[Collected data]
★ ★ ★ ★ ★

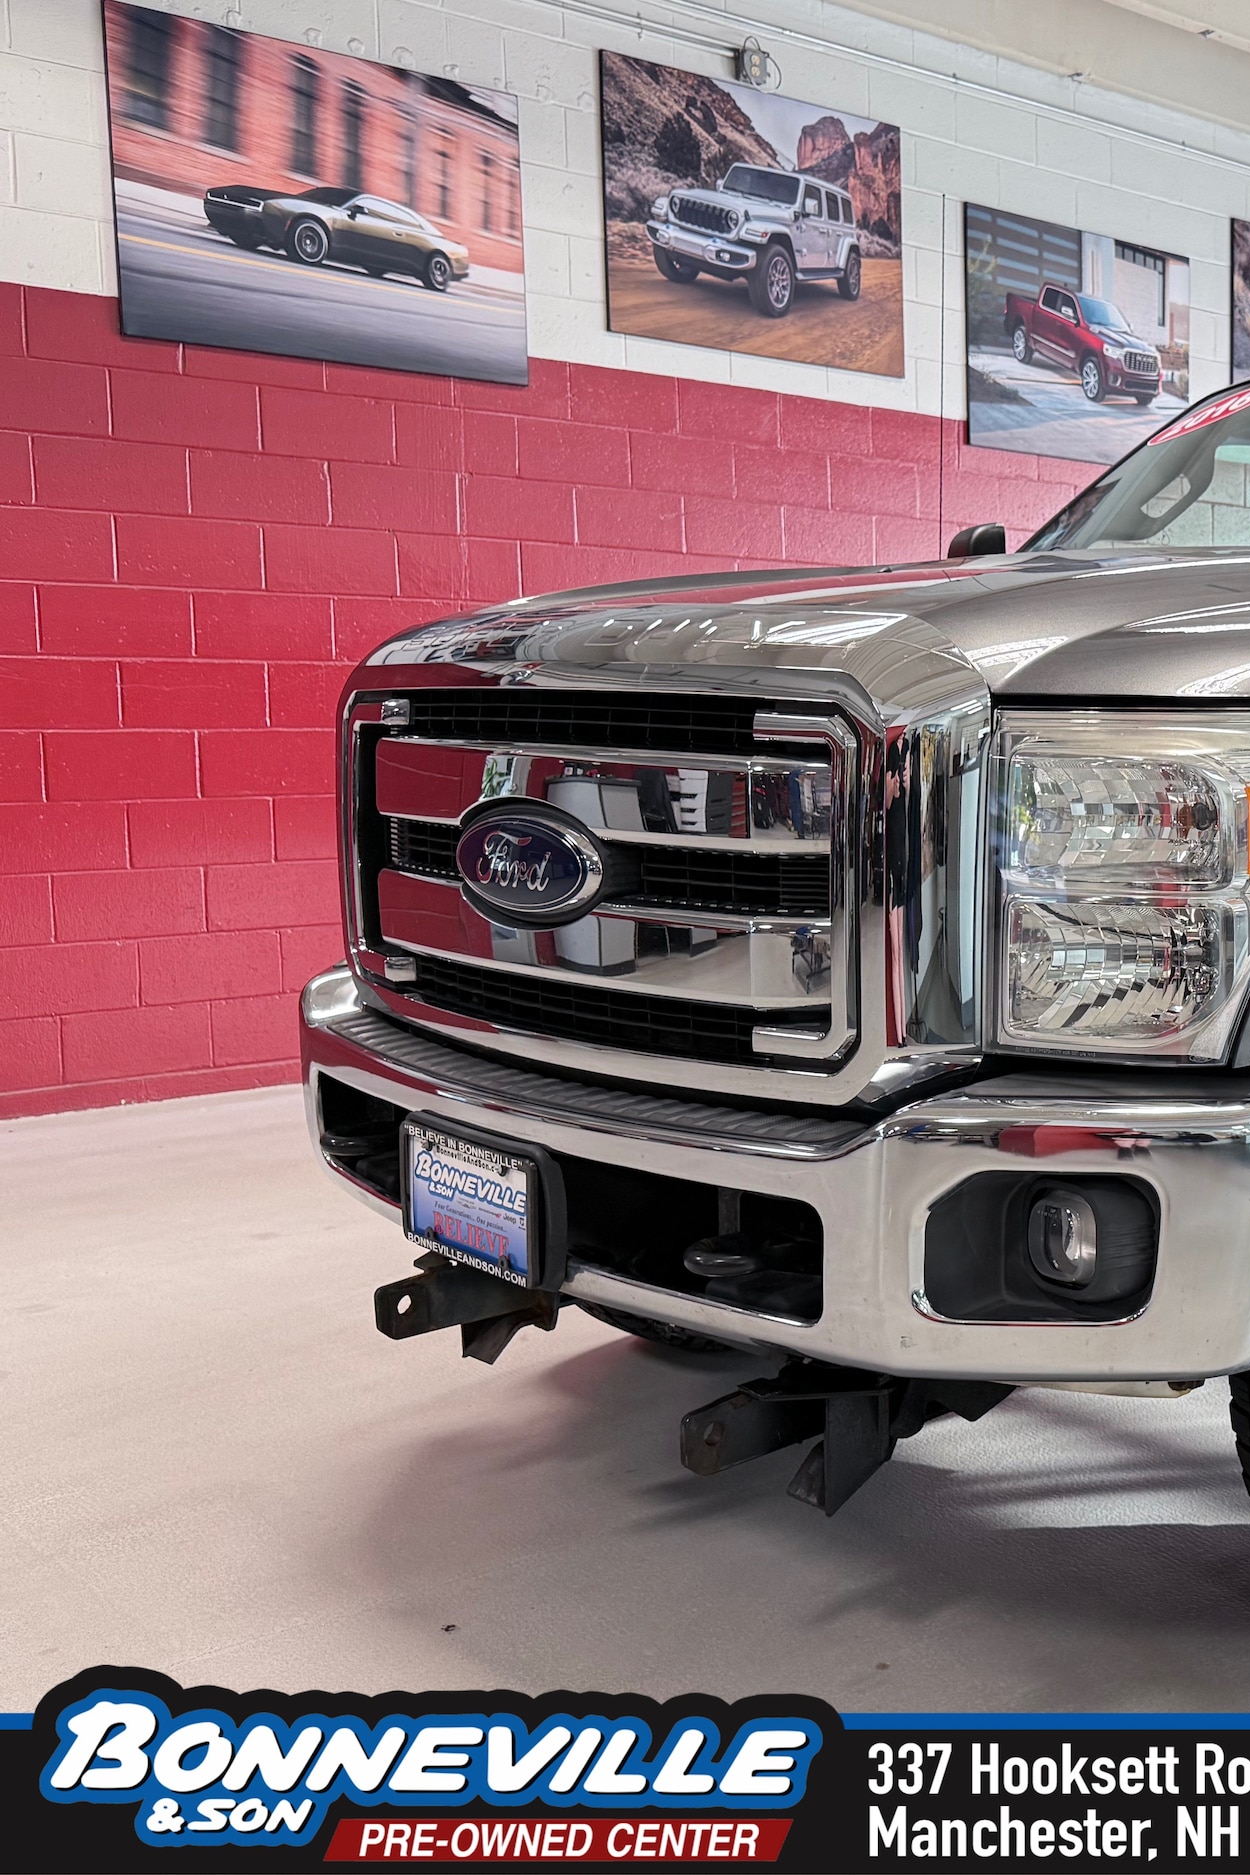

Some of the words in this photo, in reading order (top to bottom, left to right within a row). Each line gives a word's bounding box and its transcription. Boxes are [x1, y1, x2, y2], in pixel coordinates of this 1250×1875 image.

[475, 830, 552, 892] Ford
[436, 1145, 503, 1174] BonnevilleAndSon.c
[447, 1138, 457, 1150] IN
[416, 1153, 527, 1213] BONNEVILLE
[407, 1231, 527, 1288] BONNEVILLEANDSON.COM
[433, 1211, 510, 1259] BELIEVE
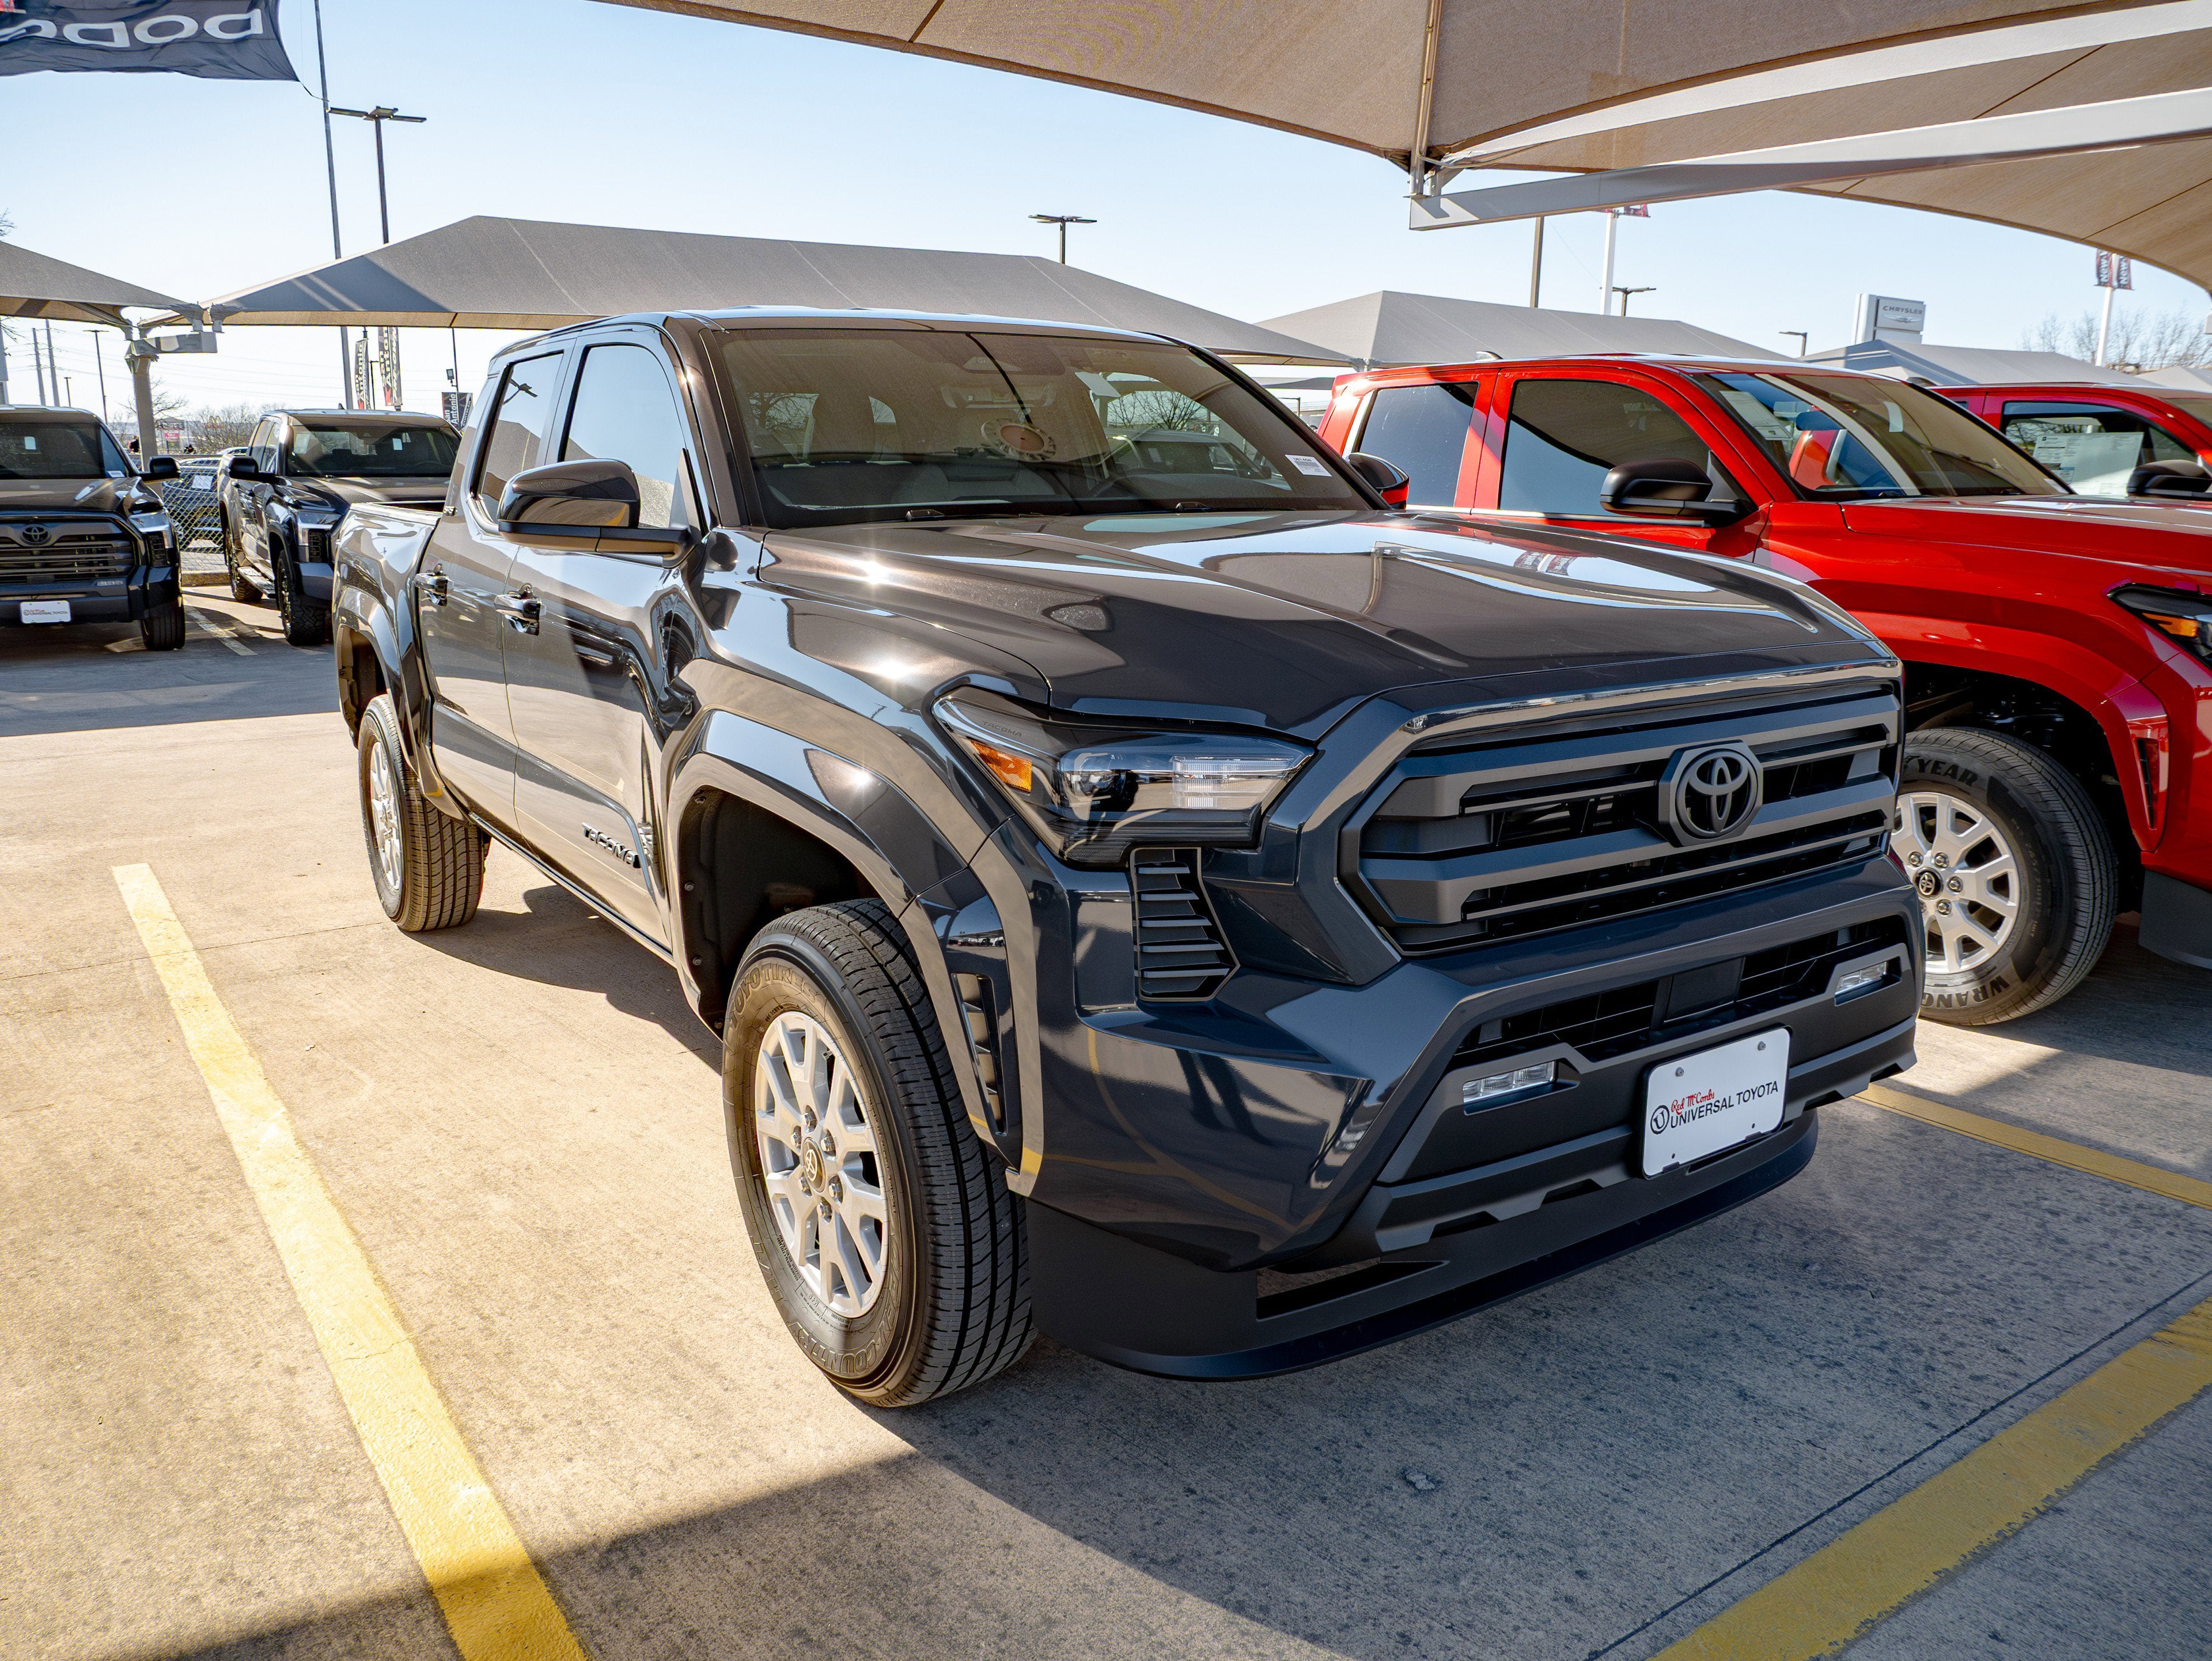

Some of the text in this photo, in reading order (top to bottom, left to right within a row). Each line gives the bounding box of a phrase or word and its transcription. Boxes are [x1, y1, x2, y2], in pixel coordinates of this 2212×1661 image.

[1883, 305, 1923, 315] CHRYSLER
[449, 394, 459, 425] Antonio
[982, 720, 1022, 737] TACOMA
[581, 822, 641, 869] TACOMA
[729, 963, 820, 1029] TOYO TIRES
[1670, 1097, 1734, 1129] UNIVERSAL
[1736, 1080, 1779, 1105] TOYOTA
[1671, 1098, 1685, 1115] Red
[789, 1322, 877, 1374] COUNTRY

★ ★ ★ ★ ★

Every entry should be repeated verbatim, with the pictures left out.

Some of the words in this photo, in reading order (top to bottom, left to right within a row). Each line gives a word's bounding box and its transcription. Boxes are [x1, y1, x2, y2], in pixel coordinates of this 1250×1875 image.

[475, 830, 552, 892] Ford
[436, 1145, 503, 1174] BonnevilleAndSon.c
[447, 1138, 457, 1150] IN
[416, 1153, 527, 1213] BONNEVILLE
[407, 1231, 527, 1288] BONNEVILLEANDSON.COM
[433, 1211, 510, 1259] BELIEVE

Some of the text in this photo, in reading order (top to bottom, left to right within a row). Each line gives the bounding box of a phrase or word and its transcription. Boxes are [x1, y1, x2, y2], in pixel coordinates of this 2212×1661 image.

[1883, 305, 1923, 315] CHRYSLER
[449, 394, 459, 425] Antonio
[982, 720, 1022, 737] TACOMA
[581, 822, 641, 869] TACOMA
[729, 963, 820, 1029] TOYO TIRES
[1670, 1097, 1734, 1129] UNIVERSAL
[1736, 1080, 1779, 1105] TOYOTA
[1671, 1098, 1685, 1115] Red
[789, 1322, 877, 1374] COUNTRY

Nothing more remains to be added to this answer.